Consensos
Quando as pessoas querem fazer o que gostavam de fazer, mas não podem, entretêm-se com palavras. Querem descansar a consciência, talvez cumprir promessas, inventar ou re-inventar um poder a que se julgam com direito, dar conteúdo ao que pensam vazio, dar-se importância, ver-se ao espelho dela.
Não sei se é isto o que se passa com o neo-central bloquismo do Senhor Presidente. Se não é, parece. Havia um tipo que dizia que, em política, o que parece é. Talvez tivesse razão.
O doutor Cavaco Silva desdobra-se, por isto e por aquilo, em propostas de consenso entre o PS e o PSD.
Talvez tenha razão no que propõe. Talvez haja reformas que devam ser feitas com garantias de longo prazo.

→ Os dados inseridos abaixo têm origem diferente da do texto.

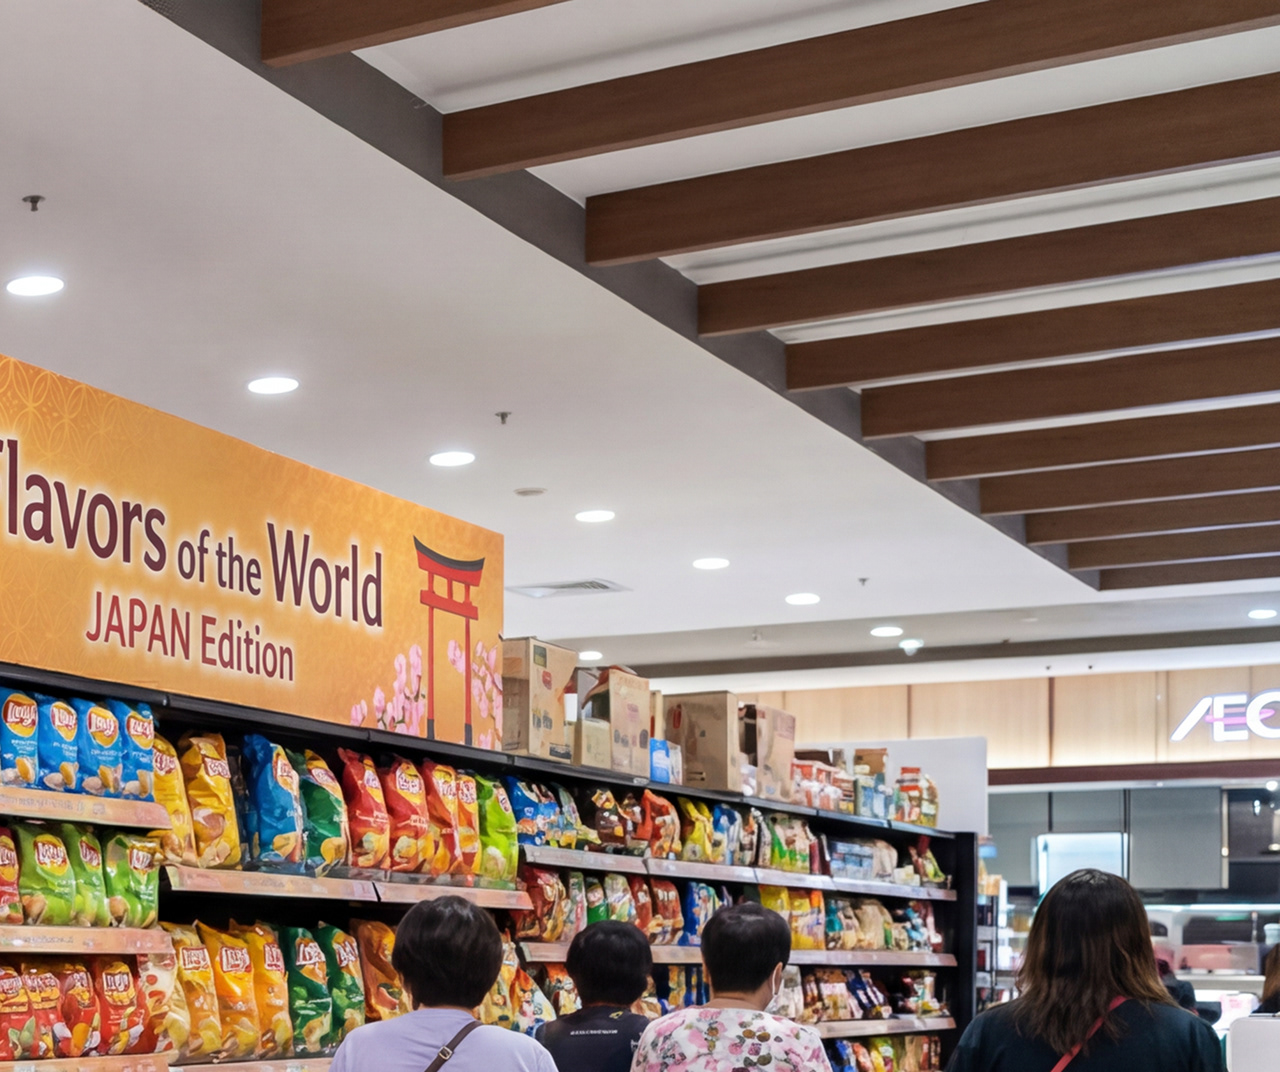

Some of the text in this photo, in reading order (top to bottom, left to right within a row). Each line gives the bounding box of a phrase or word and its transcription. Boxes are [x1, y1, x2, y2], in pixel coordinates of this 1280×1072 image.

[178, 529, 210, 581] of
[216, 536, 261, 595] the
[267, 522, 382, 627] World
[86, 592, 294, 681] JAPAN Edition

Mas, para um velho que, como eu, recorda que o doutor Cavaco:
a) fez campanha, em 84/85, contra o bloco central;
b) construiu o seu poder por via da contestação, e da condenação, do bloco central;
c) se fez eleger como líder do PSD porque bateu, dentro do partido, os adeptos do bloco central;
d) tomou, como primeira missão da sua vida de líder político, a destruição do bloco central;
e) destruiu o bloco central;
f) afirmou, por várias formas e modos e métodos, a perversidade do bloco central;
g) etc.,
não deixa de ser interessante ver:
Ou o que os cargos fazem às pessoas, ou que a coerência é uma batata, ou que as conveniências, em certas pessoas, são prevalentes, ou que a sede de protagonismo é inelutável, ou o que é a apetência pelo poder, ou, ou, ou.

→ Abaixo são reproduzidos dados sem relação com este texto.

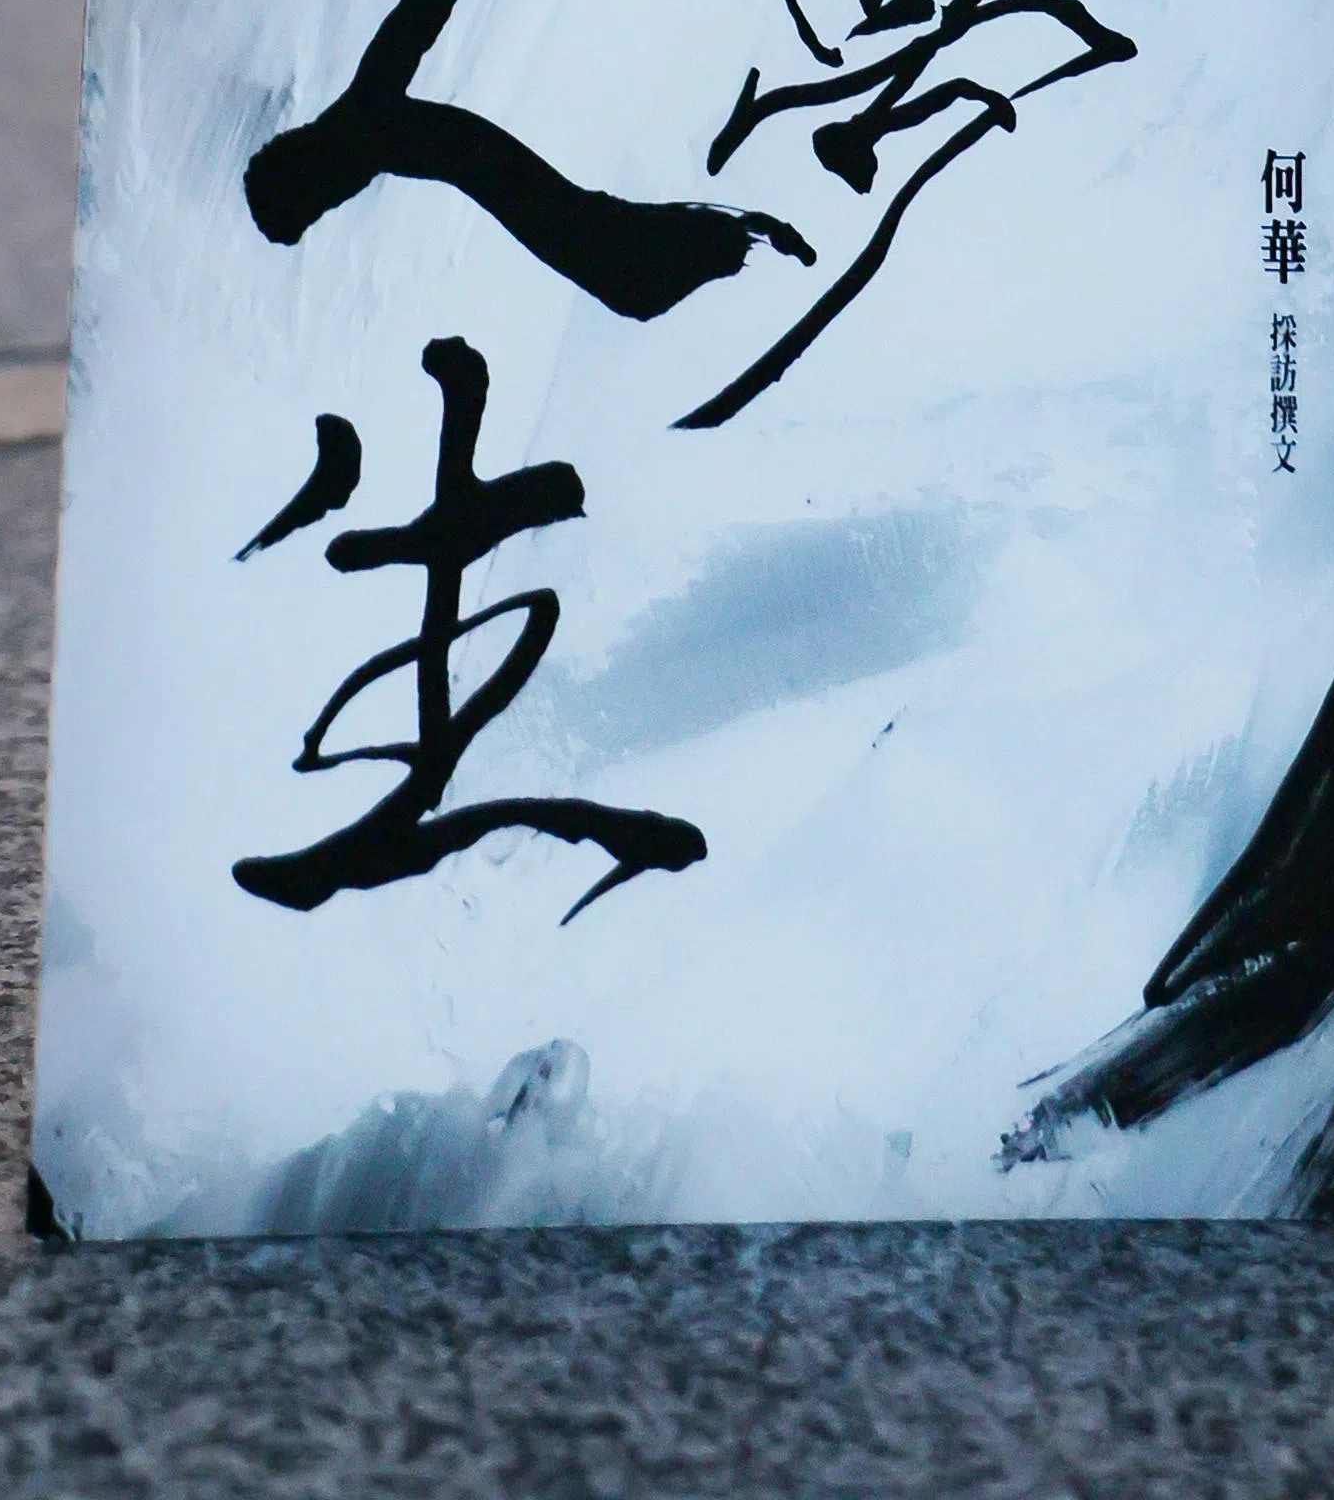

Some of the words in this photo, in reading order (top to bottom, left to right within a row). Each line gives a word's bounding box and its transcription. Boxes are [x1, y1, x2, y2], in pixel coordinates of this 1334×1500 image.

[1260, 148, 1307, 285] 何華
[1269, 312, 1298, 474] 採訪撰文

Quando terá este pobre país um Presidente que perceba a sua função, mais, que entenda a sua função pode ser muito mais útil se não se meter onde não é chamado? Sabe-se que um Presidente não é um Rei, nem lhe pode chegar aos calcanhares. Mas há, por essa Europa civilizada fora, alguns presidentes que imitam bem, e que conseguem dignificar o seu mister e o seu país.